Task:
Write out each record exactly as given, but do not include the pictures.

Source material:
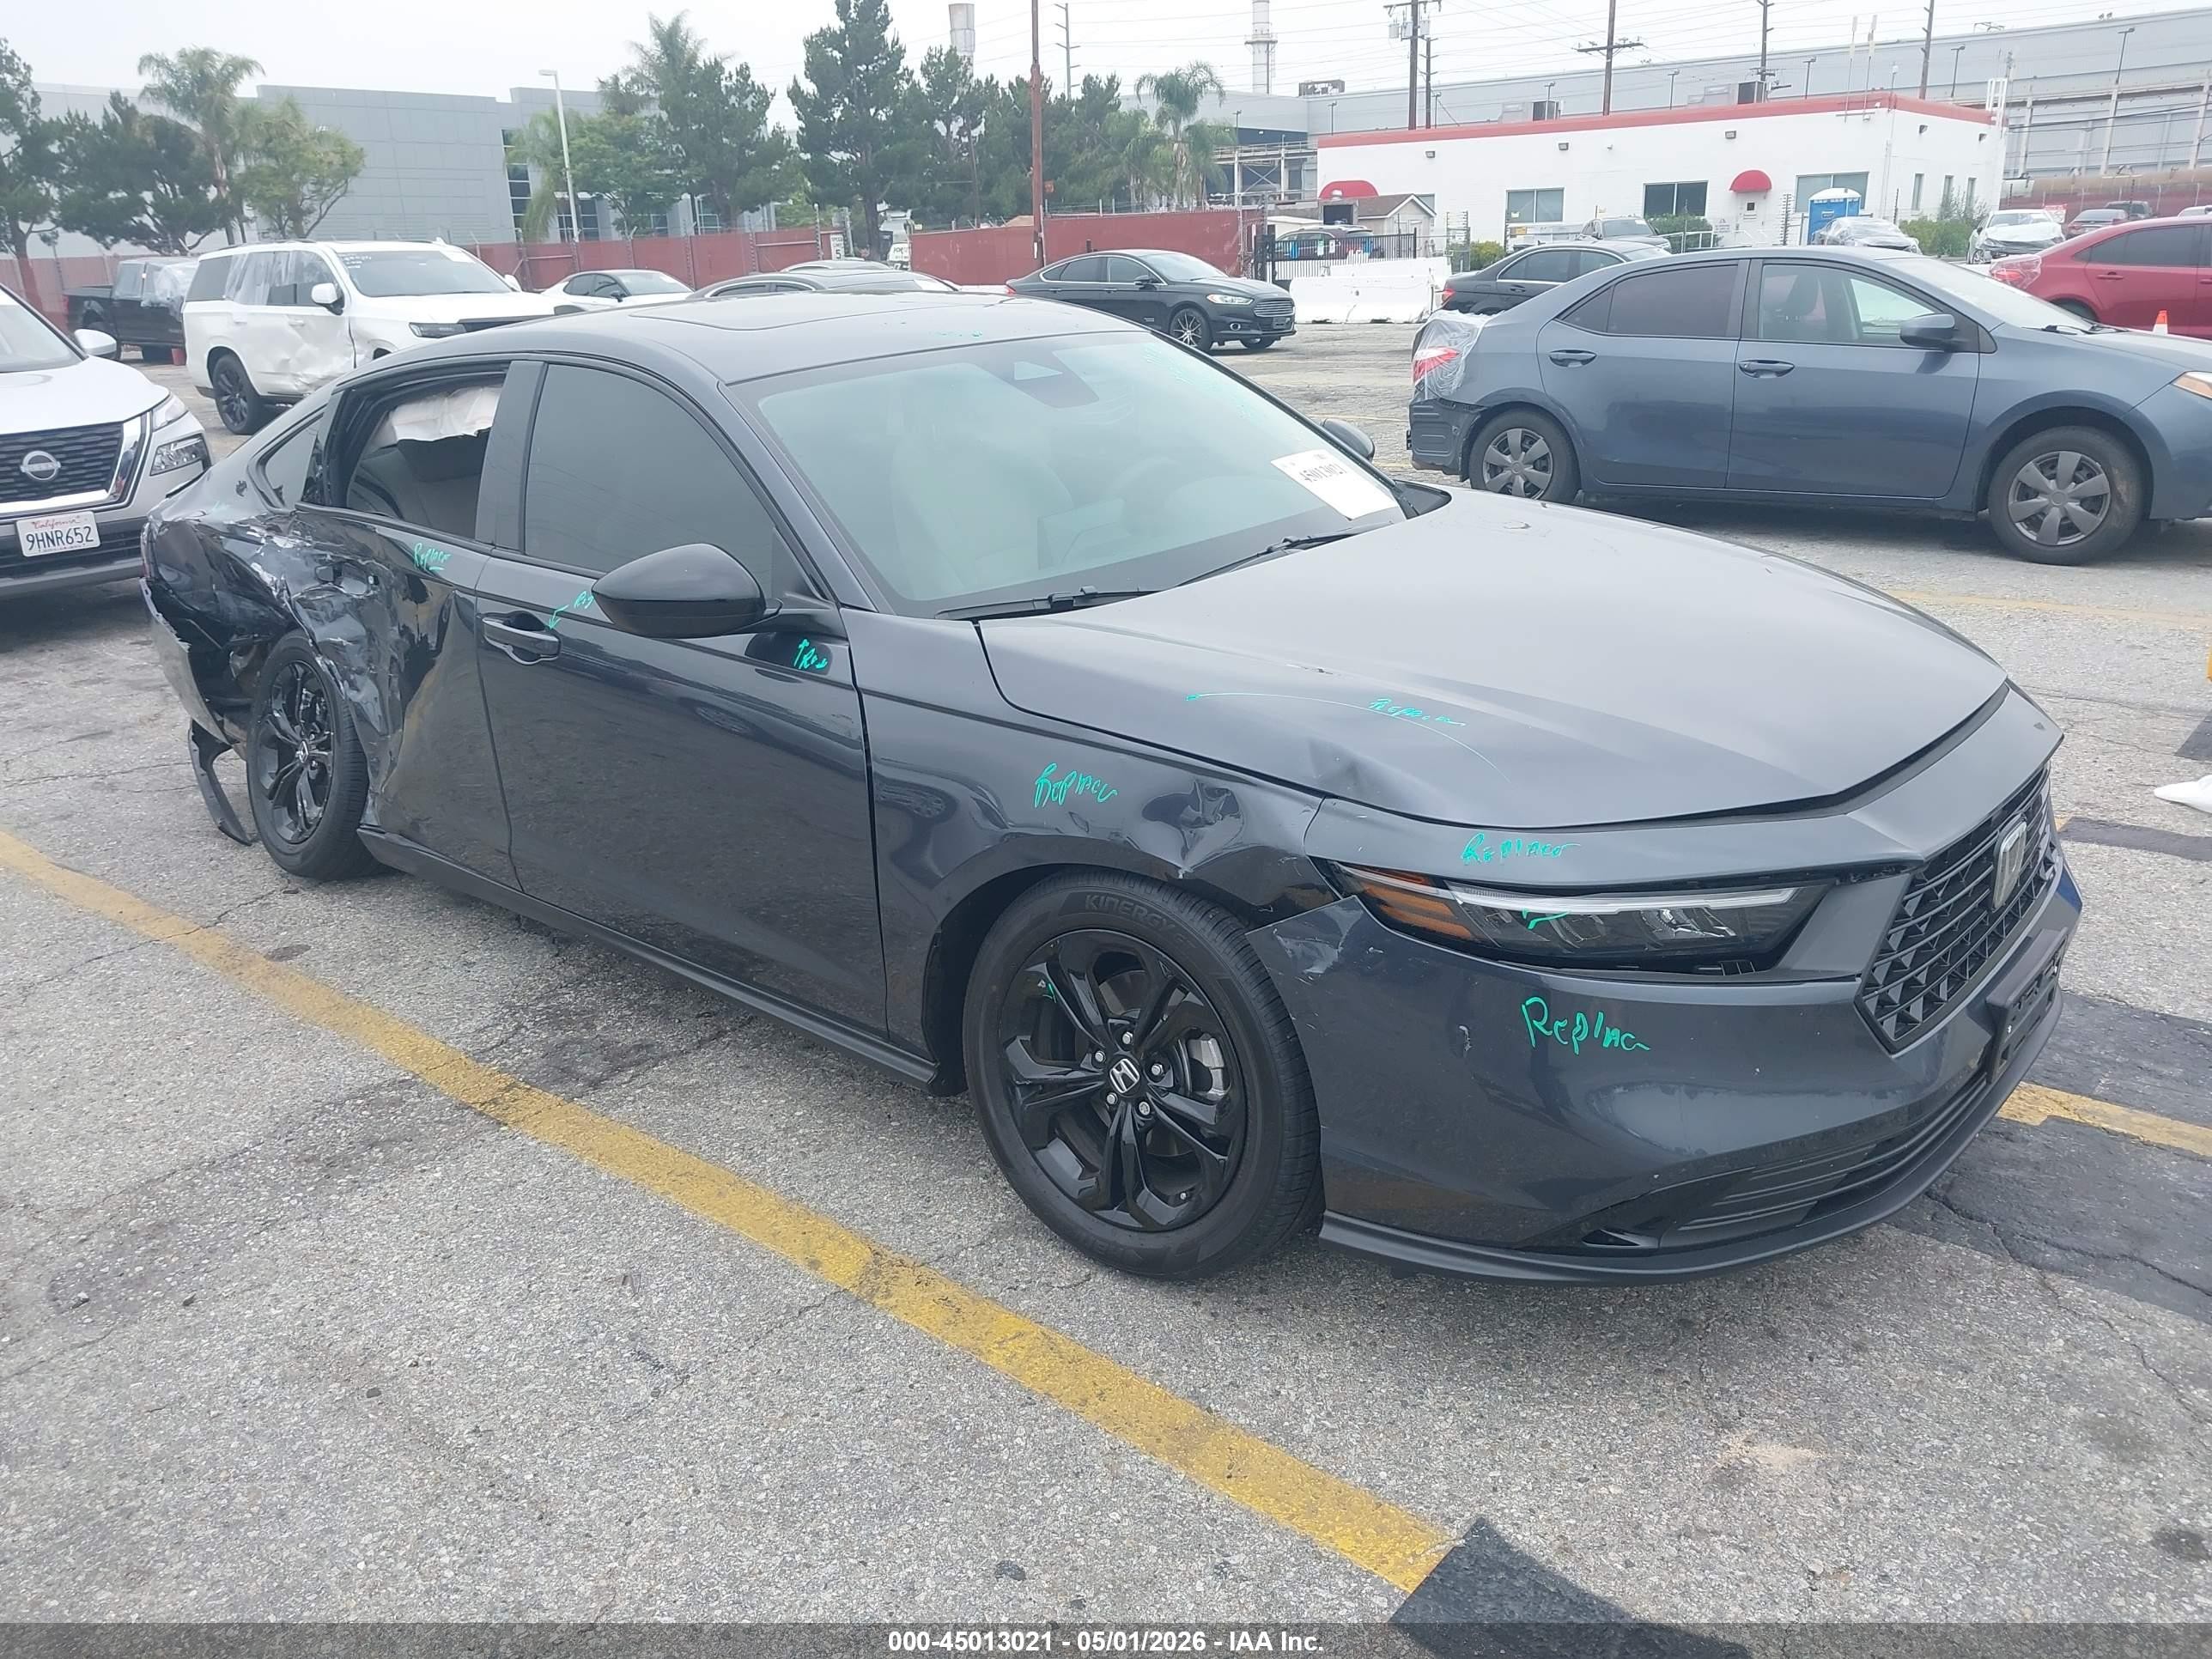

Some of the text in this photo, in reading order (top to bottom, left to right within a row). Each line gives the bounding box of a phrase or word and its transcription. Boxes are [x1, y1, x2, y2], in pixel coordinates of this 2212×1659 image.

[836, 249, 842, 259] 5
[32, 518, 80, 530] California
[26, 526, 94, 551] 9HNR652
[1085, 894, 1176, 932] KINERGY

Answer box:
Some of the text in this photo, in reading order (top to bottom, left to right within a row). Each line gives the bounding box of a phrase or word and its transcription. Boxes are [x1, y1, x2, y2], in pixel coordinates of this 2212×1659 image.

[836, 249, 842, 259] 5
[32, 518, 80, 530] California
[26, 526, 94, 551] 9HNR652
[1085, 894, 1176, 932] KINERGY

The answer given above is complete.